## Task description
Your output should consist solely of the lines from the one with "this 1288×966 image." through the end of the records, reproduced exactly, both ends included.

## Material supplied
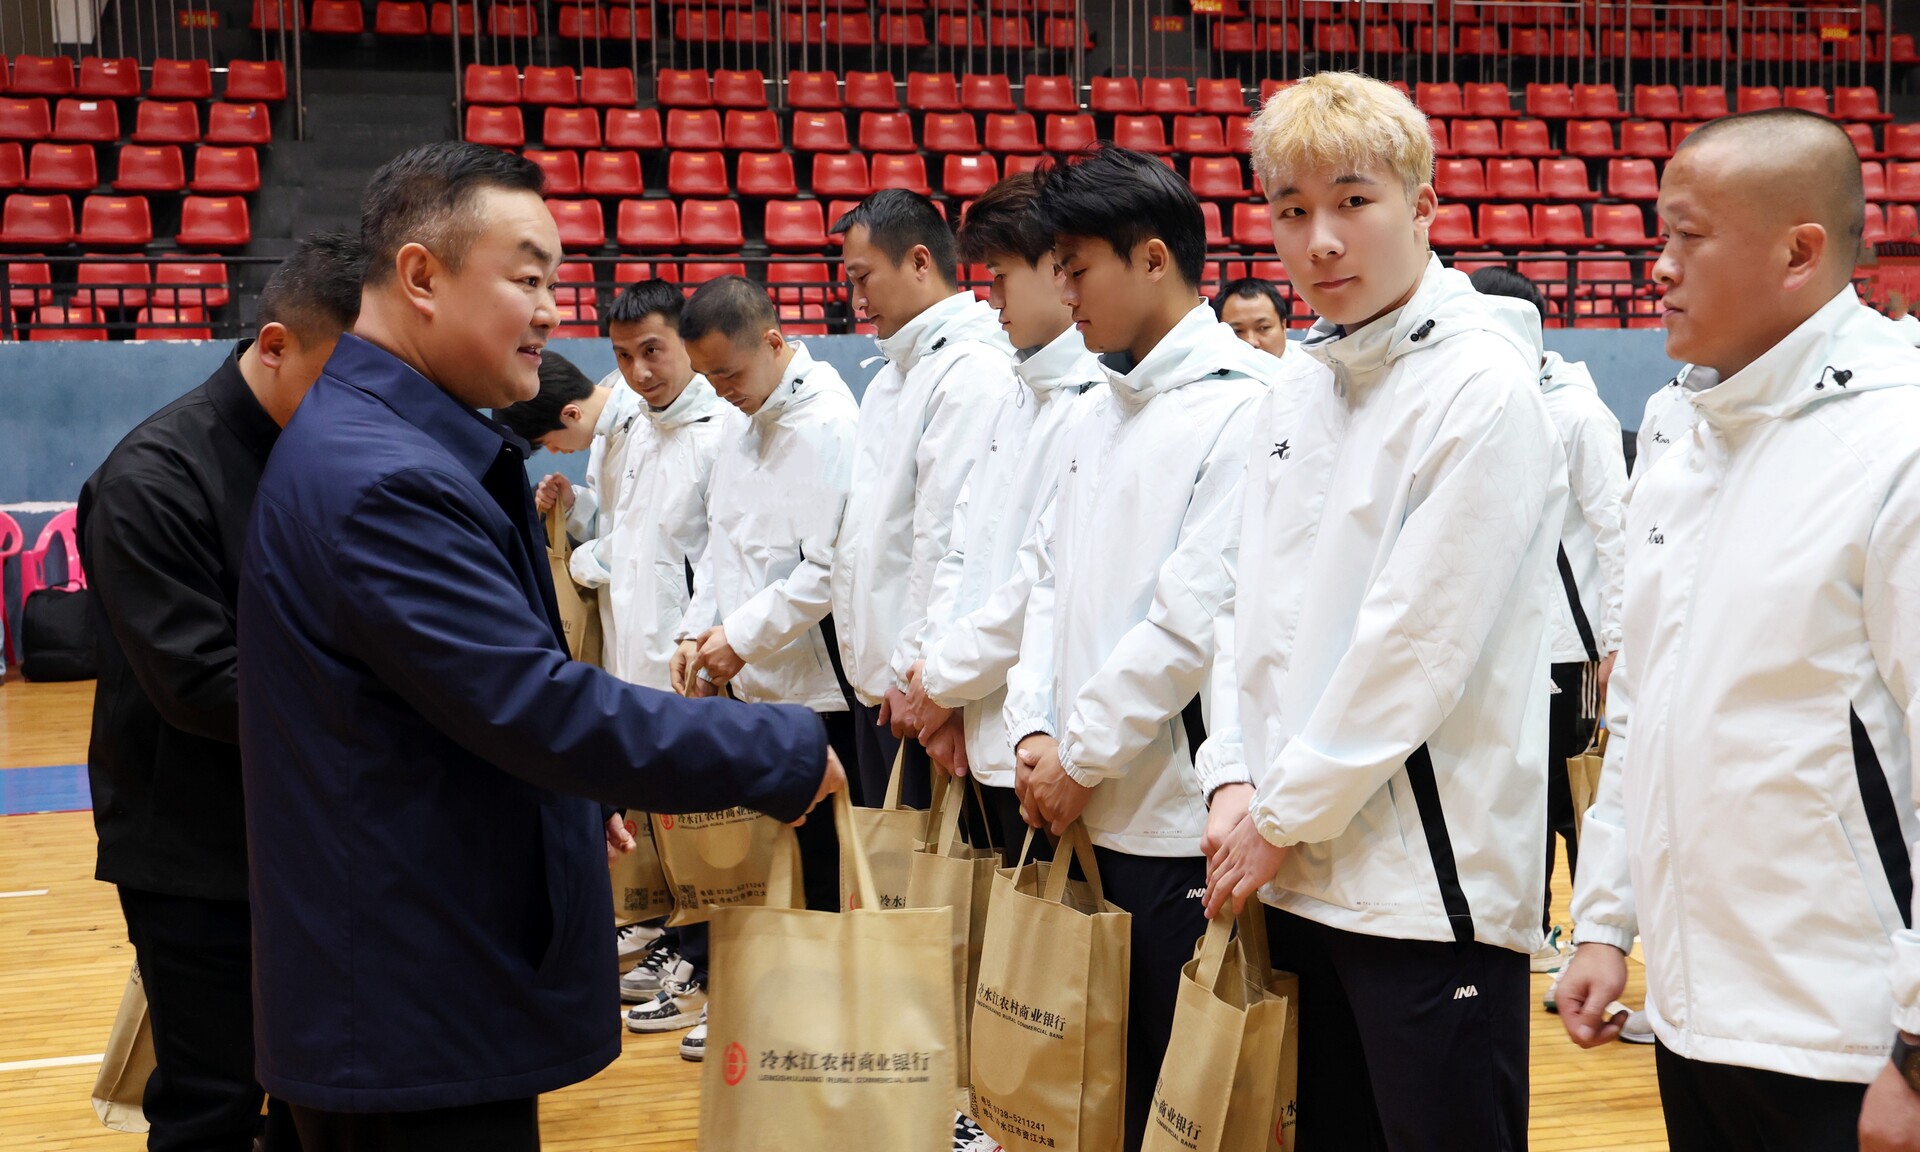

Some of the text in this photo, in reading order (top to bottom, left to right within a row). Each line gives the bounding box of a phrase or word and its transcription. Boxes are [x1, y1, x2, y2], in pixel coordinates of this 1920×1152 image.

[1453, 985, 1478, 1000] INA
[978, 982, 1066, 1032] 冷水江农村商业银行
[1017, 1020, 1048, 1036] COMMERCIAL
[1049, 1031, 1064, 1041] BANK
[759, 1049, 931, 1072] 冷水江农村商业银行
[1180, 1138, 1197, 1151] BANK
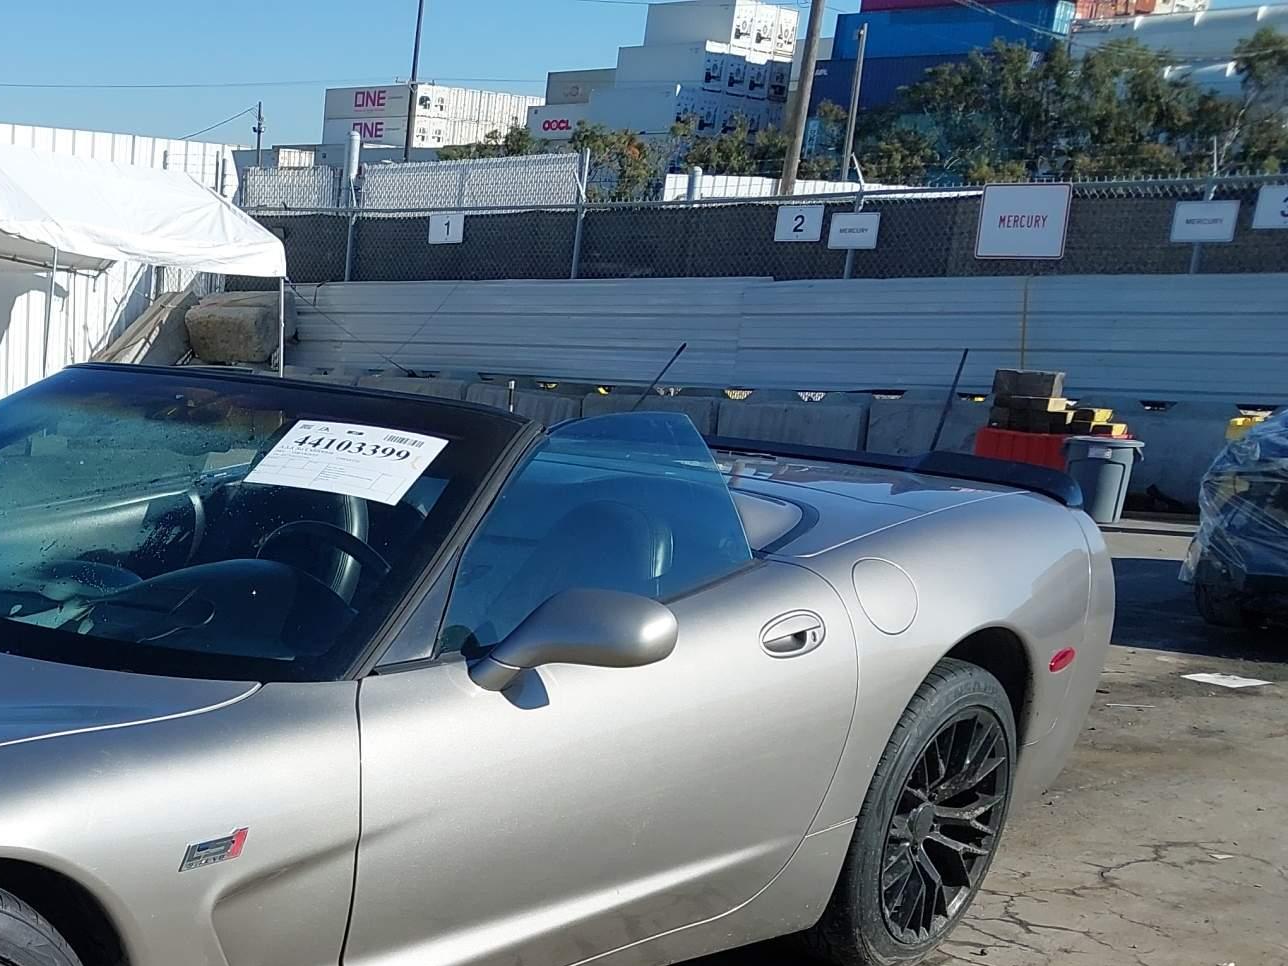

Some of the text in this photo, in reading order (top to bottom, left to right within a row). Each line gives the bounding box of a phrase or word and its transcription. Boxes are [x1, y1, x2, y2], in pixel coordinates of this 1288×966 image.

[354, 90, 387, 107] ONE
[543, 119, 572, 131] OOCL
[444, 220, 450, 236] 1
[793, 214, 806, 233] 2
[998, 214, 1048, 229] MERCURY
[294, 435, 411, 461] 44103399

## Your response
Some of the text in this photo, in reading order (top to bottom, left to right within a row). Each line gives the bounding box of a phrase or word and its transcription. Boxes are [x1, y1, x2, y2], in pixel coordinates of this 1288×966 image.

[354, 90, 387, 107] ONE
[543, 119, 572, 131] OOCL
[444, 220, 450, 236] 1
[793, 214, 806, 233] 2
[998, 214, 1048, 229] MERCURY
[294, 435, 411, 461] 44103399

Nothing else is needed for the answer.